Lu "Le journal d'un fou" chez les éditions Sillages avec d'autres textes dans le recueil. Le journal d'un fou lui-même, premier texte, traite de cannibalisme (thème chinois assez récurrent, qu'on retrouve par exemple chez Mo Yan) qui ferait office de métaphore plus ou moins claire. Le cannibalisme est d'ailleurs indirectement présent dans les deux nouvelles suivantes, et le thème a indéniablement une force majeure de fascination et d'horreur sans qu'on puisse vraiment attribuer à Lu Xun et à son écriture très réaliste et terre à terre de grandes qualités poétiques. En revanche la dernière nouvelle "Le théâtre des Dieux" m'a frappé par ses accents nostalgiques, la précision avec laquelle l'auteur saisit un moment de l'adolescence qui marquera le personnage pour toujours, de faire surgir de l'ordinaire un éclat de beauté et de mystère. Dans sa préface au "Cri" on sent aussi mieux ses intentions et sa grande sensibilité. Parfois les différences culturelles sont tellement immenses que l'accès à ce type de littérature est délicat mais Lu Xun n'est pas le plus grand poète chinois du début du siècle pour rien.

Ni ange ni bête
6.6
28.

Ni ange ni bête

Sortie : 1919 (France).

livre de André Maurois

bilouaustria a mis 6/10.

Annotation :

Comme il se jugeait sévèrement Maurois pour se roman de jeunesse ! Il a pourtant déjà tout le bagage : le sens de la formule, le talent pour donner vie à des concepts... Mais le fait que roman soit centré sur Philippe qui est un avatar de Maurois pose problème tant on sent son mépris pour ce jeune soi. Geneviève est plus lumineuse. Maurois exprime d'ailleurs dans sa préface le regret de ne pas avoir articulé davantage le roman autour de la jeune femme. La deuxième moitié plus politique n'est pas la plus passionnante mais il y a déjà une plume assez sûre pour attirer l'attention.

La Promenade
7
29.

La Promenade (1917)

Der Spaziergang

Sortie : 1987 (France).
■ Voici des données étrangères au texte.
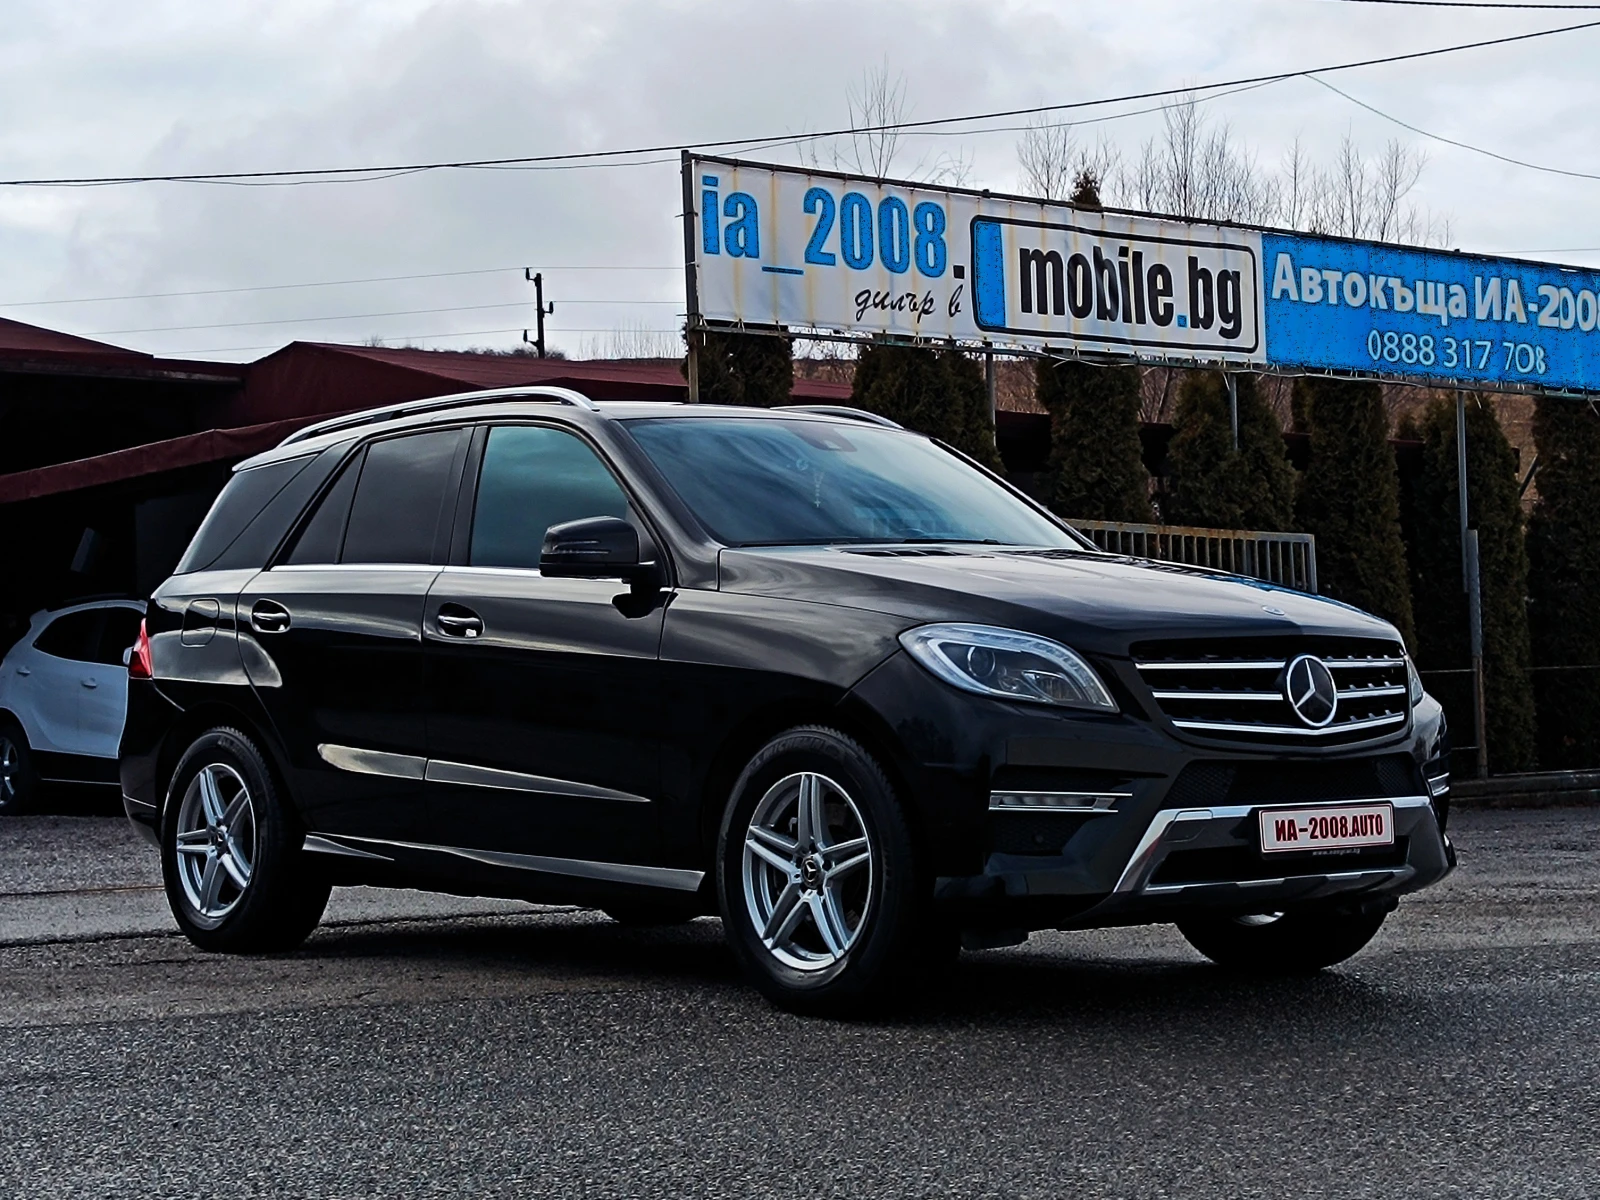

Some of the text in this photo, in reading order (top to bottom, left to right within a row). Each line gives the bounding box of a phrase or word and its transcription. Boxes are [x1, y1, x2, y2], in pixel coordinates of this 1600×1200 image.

Roman

livre de Robert Walser

bilouaustria a mis 6/10.

Annotation :

J'ai immédiatement eu le coup de foudre pour Robert Walser (l'écrivain favori de Kafka dit-on) avec "Les enfants Tanner" écrit à 20 ans quasiment d'un jet, en trois jours et sans reprendre sons souffle. Et ce qui me plaisait tellement c'est cette spontanéité dans l'écriture (attention pas de naiveté en revanche) qui donnait le sentiment d'urgence, de vérité, de simplicité et de jeunesse. En 1917, Walser est déjà aguerri et joue une autre partition : "La promenade" est presque l'exacte opposé de son premier roman : un roman absolument construit, pensé, qui fait des pirouettes à chaque phrase, qui dénonce son propre système au lecteur, et qui fait semblant de s'écrire devant nos yeux, au hasard des rencontres. L'idée est d'amener le lecteur vers de petits essais sur différents thèmes tout en donnant le sentiment de se promener - pourquoi pas. Il y a un côté tour de force un peu vain dans ce texte, on a le sentiment que bien que décevant, Walser essaye d'aller au-delà de ses livres précédents, il ne faut pas y voir un petit jeu sans conséquence, je crois que "La promenade" est un livre ambitieux. Mais le projet même ne m'inspire pas réellement, même avec sa part de réussite et ses faux-semblants.

Les Copains
7.3
30.

Les Copains (1913)

Sortie : 1913 (France). Roman

livre de Jules Romains

bilouaustria a mis 6/10.

Annotation :

Ah ça, Romains n'est pas le dernier des rigolos, on est bien d'accord. Son humour absurde plante le décor après dix lignes, grâce à des dialogues gentiment loufoques. La suite est du même tonneau (et effectivement, la bande de Copains sait boire !). Mais si l'on juge les livres à leur capacité à tenir dans le temps, à être remémorés, alors ce roman est relativement faible malgré le plaisir évident de lecture : l'aventure grand-guignolesque de cette bande de joyeux lurons s'évanouit, presque aussitôt la dernière page tournée. Sans odeur nauséabonde, Romains arrive toutefois dans ses meilleures pages à parler d'une France d'autrefois avec pudeur et sincérité.